Medline ® Abstracts for References 45,46
of 'Treatment of community-acquired pneumonia in adults who require hospitalization'
Does empiric therapy for atypical pathogens improve outcomes for patients with CAP?
File TM Jr, Marrie TJ
Infect Dis Clin North Am. 2013 Mar;27(1):99-114.
The present controversy regarding the need to cover atypical pathogens in the empiric therapy of community-acquired pneumonia is related to several issues, including the relevance of terminology, imprecise diagnostic methods, and perceived contradictory results of published evidence. Studies evaluating the time to clinical recovery and the use of earlier endpoints for evaluation suggest that appropriate therapy provides a benefit if an atypical pathogen is a pathogen. Because recent surveillance studies suggest these pathogens are common and until there is the availability of accurate, cost-effective, and easily interpreted laboratory tests to provide the etiologic diagnosis at the time of point of care, empiric therapy of atypical pathogens is supported.

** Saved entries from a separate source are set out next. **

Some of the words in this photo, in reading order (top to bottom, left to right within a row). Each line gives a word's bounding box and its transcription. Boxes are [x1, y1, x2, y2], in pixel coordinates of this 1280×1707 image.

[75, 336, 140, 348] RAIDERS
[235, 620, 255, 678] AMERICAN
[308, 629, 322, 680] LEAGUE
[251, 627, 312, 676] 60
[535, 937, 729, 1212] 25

Infectious Disease Section, Department of Internal Medicine, Northeast Ohio Medical University, Rootstown, OH 44272, USA. firstname.lastname@example.org
Empiric antibiotic coverage of atypical pathogens for community-acquired pneumonia in hospitalized adults.

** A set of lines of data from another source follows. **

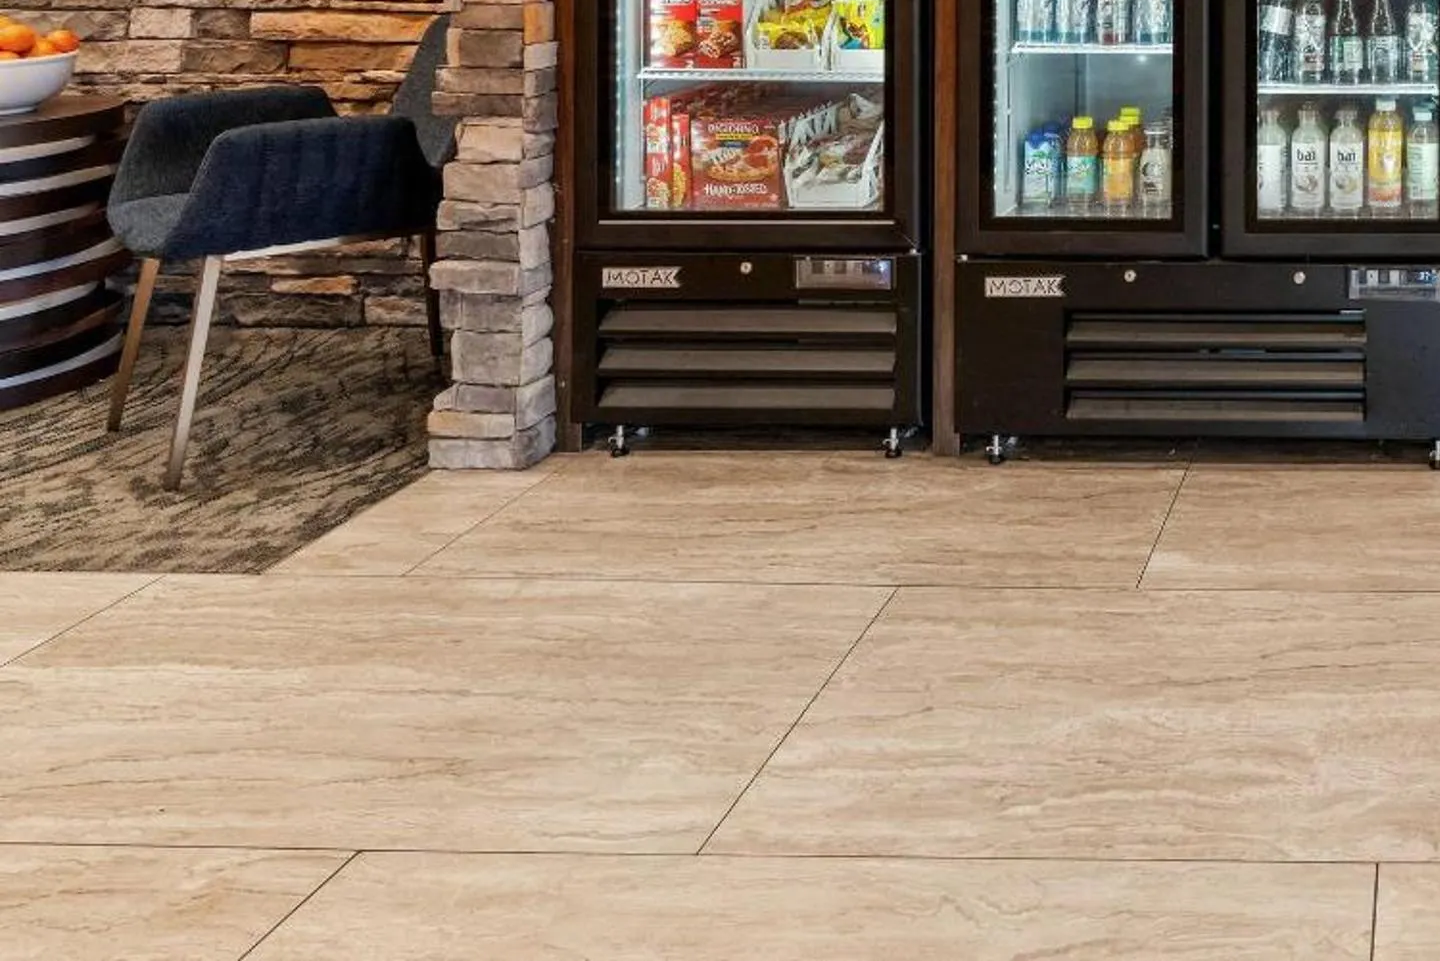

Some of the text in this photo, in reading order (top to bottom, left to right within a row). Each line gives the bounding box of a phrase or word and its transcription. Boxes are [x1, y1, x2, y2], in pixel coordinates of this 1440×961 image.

[1296, 148, 1316, 161] bai
[606, 269, 675, 286] MOTAK
[989, 277, 1060, 296] MOTAK
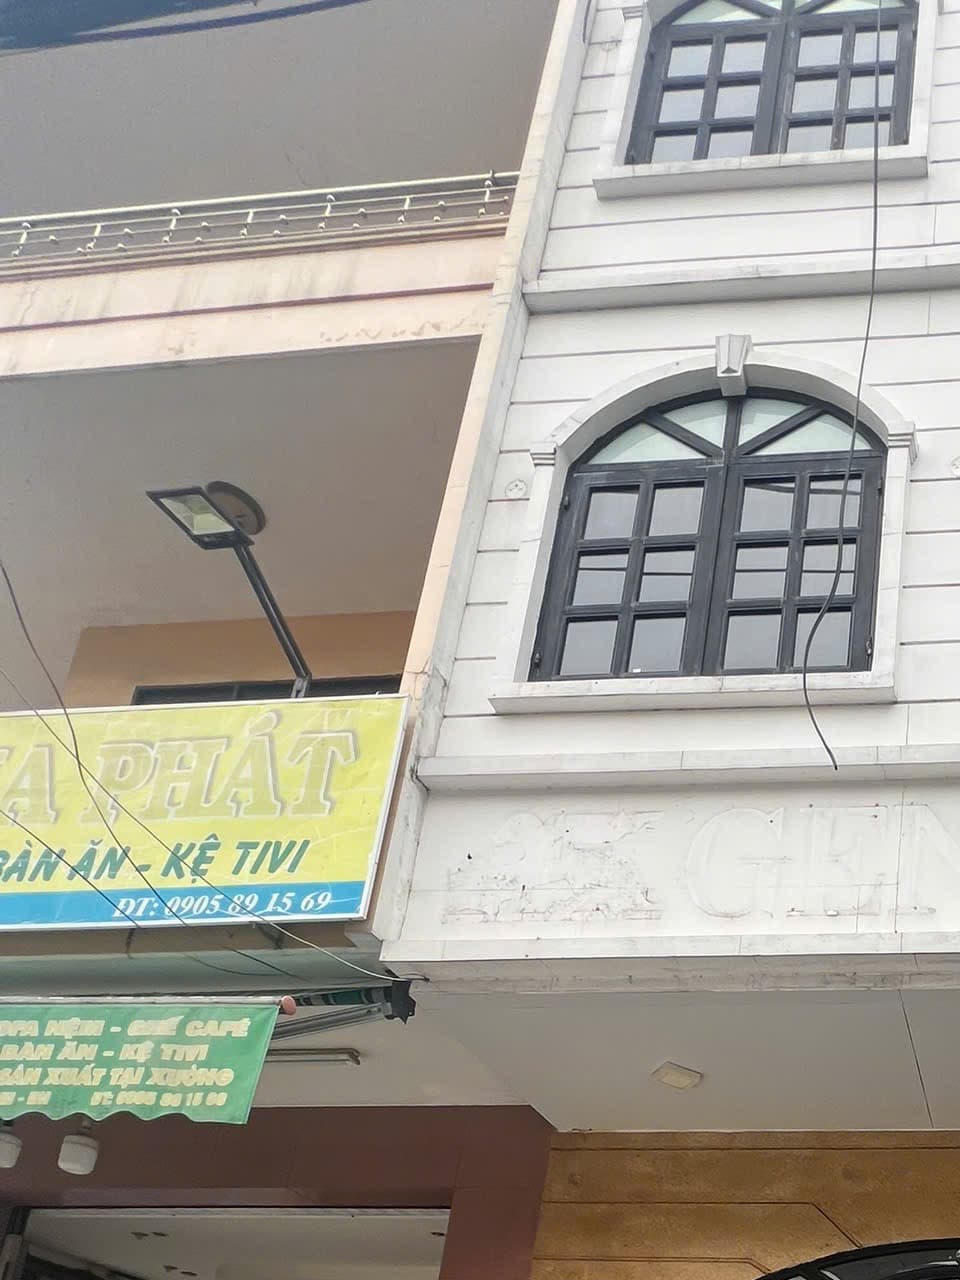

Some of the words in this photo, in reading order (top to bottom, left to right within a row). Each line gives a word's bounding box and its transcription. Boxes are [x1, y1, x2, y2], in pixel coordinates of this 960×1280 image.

[0, 742, 57, 827] A
[80, 711, 359, 824] PHÁT
[160, 833, 221, 884] KỆ
[231, 839, 312, 876] TIVI
[163, 895, 227, 917] 0905
[227, 893, 259, 914] 89
[264, 891, 294, 913] 15
[300, 891, 333, 912] 69

Eliakim-Raz N, Robenshtok E, Shefet D, Gafter-Gvili A, Vidal L, Paul M, Leibovici L
Cochrane Database Syst Rev. 2012;
BACKGROUND: Community-acquired pneumonia (CAP) is caused by various pathogens, traditionally divided into 'typical' and 'atypical'. Initial antibiotic treatment of CAP is usually empirical, customarily covering both typical and atypical pathogens. To date, no sufficient evidence exists to support this broad coverage, while limiting coverage is bound to reduce toxicity, resistance and expense.
OBJECTIVES: The main objective was to estimate the mortality and proportion with treatment failure using regimens containing atypical antibiotic coverage compared to those that had typical coverage only. Secondary objectives included the assessment of adverse events.
SEARCH METHODS: We searched the Cochrane Central Register of Controlled Trials (CENTRAL) Issue 3, 2012 which includes the Acute Respiratory Infection Group's Specialized Register, MEDLINE (January 1966 to April week 1, 2012) and EMBASE (January 1980 to April 2012).
SELECTION CRITERIA: Randomized controlled trials (RCTs) of adult patients hospitalized due to CAP, comparing antibiotic regimens with atypical coverage (quinolones, macrolides, tetracyclines, chloramphenicol, streptogramins or ketolides) to a regimen without atypical antibiotic coverage.
DATA COLLECTION AND ANALYSIS: Two review authors independently assessed the risk of bias and extracted data from included trials. We estimated risk ratios (RRs) with 95% confidence intervals (CIs). We assessed heterogeneity using a Chi(2) test.
MAIN RESULTS: We included 28 trials, encompassing 5939 randomized patients. The atypical antibiotic was administered as monotherapy in all but three studies. Only one study assessed a beta-lactam combined with a macrolide compared to the same beta-lactam. There was no difference in mortality between the atypical arm and the non-atypical arm (RR 1.14; 95% CI 0.84 to 1.55), RR<1 favors the atypical arm. The atypical arm showed an insignificant trend toward clinical success and a significant advantage to bacteriological eradication, which disappeared when evaluating methodologically high quality studies alone. Clinical success for the atypical arm was significantly higher for Legionella pneumophilae (L. pneumophilae) and non-significantly lower for pneumococcal pneumonia. There was no significant difference between the groups in the frequency of (total) adverse events, or those requiring discontinuation of treatment. However, gastrointestinal events were less common in the atypical arm (RR 0.70; 95% CI 0.53 to 0.92). Although the trials assessed different antibiotics, no significant heterogeneity was detected in the analyses.
AUTHORS' CONCLUSIONS: No benefit of survival or clinical efficacy was shown with empirical atypical coverage in hospitalized patients with CAP. This conclusion relates mostly to the comparison of quinolone monotherapy to beta-lactams. Further trials, comparing beta-lactam monotherapy to the same combined with a macrolide, should be performed.